Le Tribunal administratif de Montreuil, statuant en référé sur le fondement de l’article L. 521-3 du code de justice administrative, a rejeté la requête de Mme B..., adjointe d’animation territoriale contractuelle, qui demandait le versement de son salaire de décembre 2025 et une indemnisation. La juge des référés a estimé que la condition d’urgence n’était pas établie, faute de preuves suffisantes de difficultés financières graves. Par ailleurs, les conclusions indemnitaires ont été jugées irrecevables, car il n’entre pas dans l’office du juge des référés de condamner l’administration à verser une indemnité. La requête a donc été rejetée en application de l’article L. 522-3 du même code.
Texte intégral
Vu la procédure suivante :
Par une requête, enregistrée le 5 janvier 2026, Mme A... B... demande au juge des référés, statuant sur le fondement de l’article L. 521-3 du code de justice administrative :
1°) d’enjoindre à la commune de Drancy de lui verser la somme de 215 euros correspondant à son salaire du mois de décembre 2025, assortie des intérêts au taux légal à compter du 20 décembre 2025 ;
2°) de condamner la commune de Drancy à lui verser une somme en réparation de ses préjudices ;
3°) de mettre à la charge de la commune de Drancy les entiers dépens.
Vu les autres pièces du dossier.
Vu le code de justice administrative.
La présidente du tribunal a désigné Mme Deniel pour statuer sur les demandes de référé.
Considérant ce qui suit :
1. Aux termes de l’article L. 511-1 du code de justice administrative : « Le juge des référés statue par des mesures qui présentent un caractère provisoire. Il n'est pas saisi du principal et se prononce dans les meilleurs délais ». Aux termes de l’article L. 521-3 du code de justice administrative : « En cas d’urgence et sur simple requête qui sera recevable même en l’absence de décision administrative préalable, le juge des référés peut ordonner toutes autres mesures utiles sans faire obstacle à l’exécution d’aucune décision ». Aux termes de l'article L. 522-3 du même code : « Lorsque la demande ne présente pas un caractère d'urgence ou lorsqu'il apparaît manifeste, au vu de la demande, que celle-ci ne relève pas de la compétence de la juridiction administrative, qu'elle est irrecevable ou qu'elle est mal fondée, le juge des référés peut la rejeter par une ordonnance motivée sans qu'il y ait lieu d'appliquer les deux premiers alinéas de l'article L. 522-1 ».

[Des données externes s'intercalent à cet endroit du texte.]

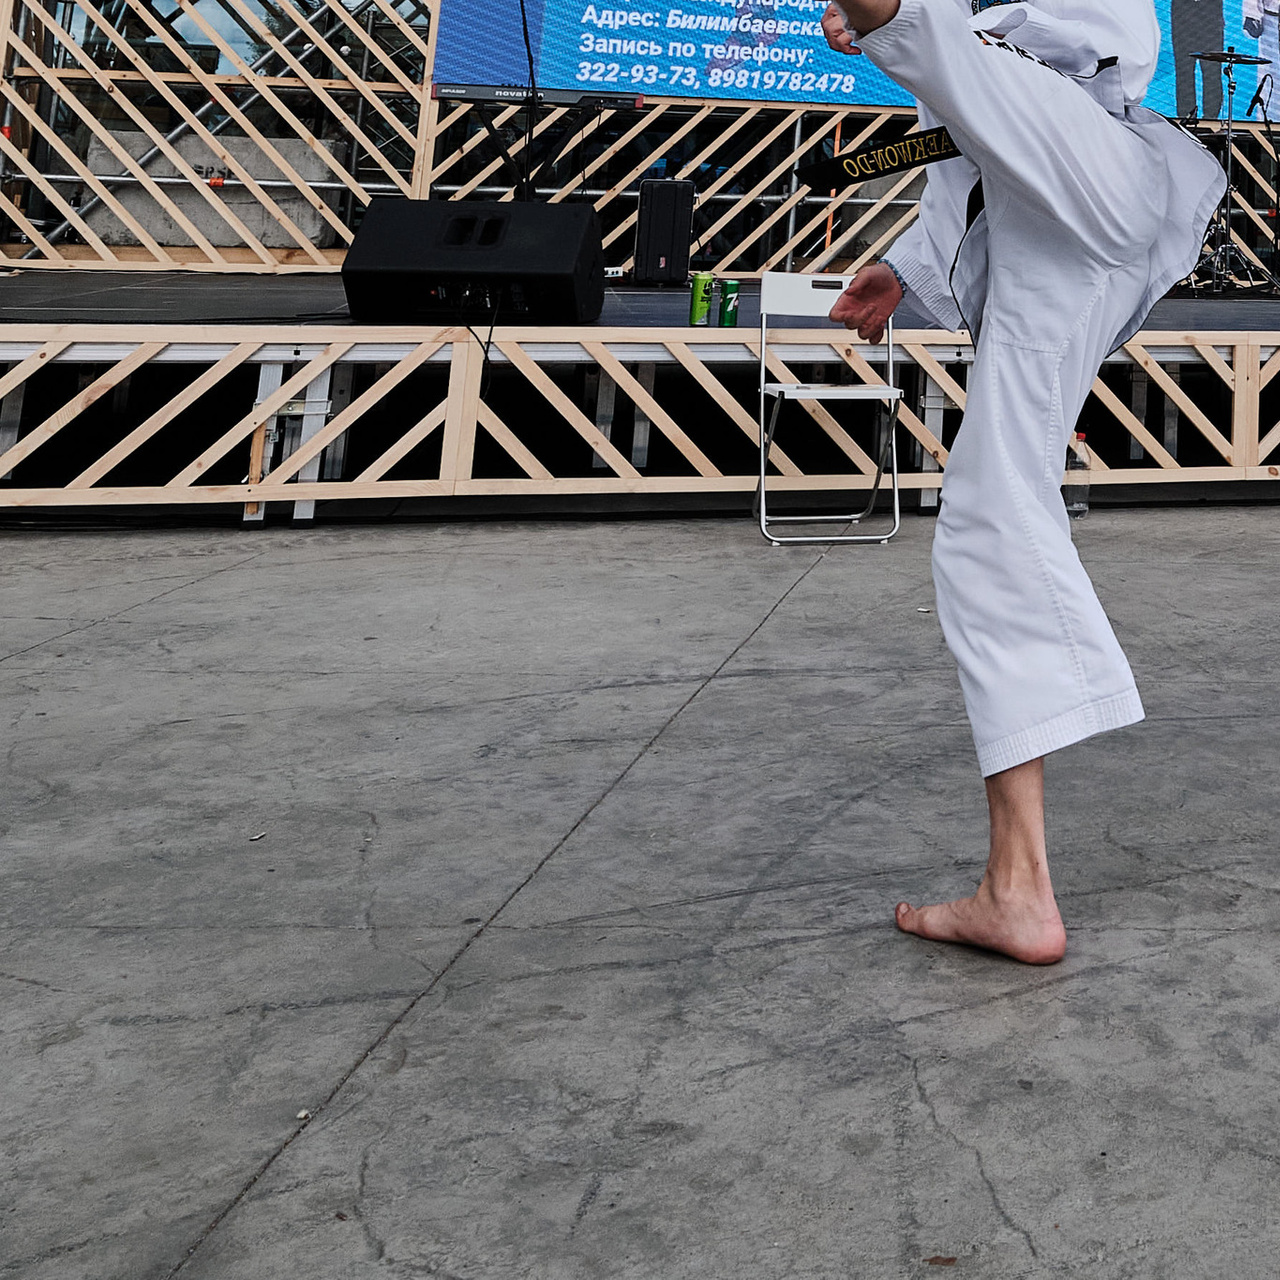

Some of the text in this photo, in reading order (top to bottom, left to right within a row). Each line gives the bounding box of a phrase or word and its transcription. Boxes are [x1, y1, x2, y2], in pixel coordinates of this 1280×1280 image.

[581, 5, 660, 29] Адрес:
[579, 33, 815, 68] Запись по телефону:
[576, 61, 856, 93] 322-93-73, 89819782478

Sur les conclusions à fin d’injonction :
2. Mme B..., adjointe d’animation territoriale contractuelle, demande au juge des référés d’enjoindre à la commune de Drancy de lui verser la somme de 215 euros correspondant à son salaire du mois de décembre 2025 et d’assortir cette somme des intérêts au taux légal. Elle soutient que cette absence de versement a conduit au retard dans le paiement de ses charges et a été à l’origine d’un stress important. Toutefois, en se bornant à produire un relevé de compte bancaire au 5 janvier 2026, un message de mise en demeure de payer en date du 15 décembre 2025 de la part de la société « Hanna’s centre d’affaires » sans autre précision ainsi qu’un message relatif au calcul de son loyer restant dû ne comportant ni date, ni destinataire, la requérante n’établit pas que sa situation puisse être regardée comme caractérisant une situation d’urgence. Par suite, la condition d’urgence prévue à l’article L. 521-3 du code de justice administrative n’est pas remplie et les conclusions à fin d’injonction de la requête doivent être rejetées.
Sur les conclusions à fin d’indemnisation :
3. Il n’entre pas dans l’office du juge des référés, saisi sur le fondement des dispositions de l’article L. 521-3 du code de justice administrative, de condamner l’administration à verser une somme à titre d’indemnité. Par suite, les conclusions indemnitaires présentées par Mme B... sont irrecevables et doivent être rejetées.
4. Il résulte de tout ce qui précède que la requête présentée par Mme B... doit être rejetée en toutes ses conclusions, en faisant application de l’article L. 522-3 du code de justice administrative.
O R D O N N E :
Article 1er : La requête de Mme B... est rejetée.
Article 2 : La présente ordonnance sera notifiée à Mme A... B....
Copie en sera adressée à la commune de Drancy.
Fait à Montreuil, le 26 janvier 2026.
La juge des référés,
Signé
C. Deniel
La République mande et ordonne au ministre de l’intérieur, en ce qui le concerne et à tous commissaires de justice à ce requis en ce qui concerne les voies de droit commun contre les parties privées de pourvoir à l’exécution de la présente ordonnance.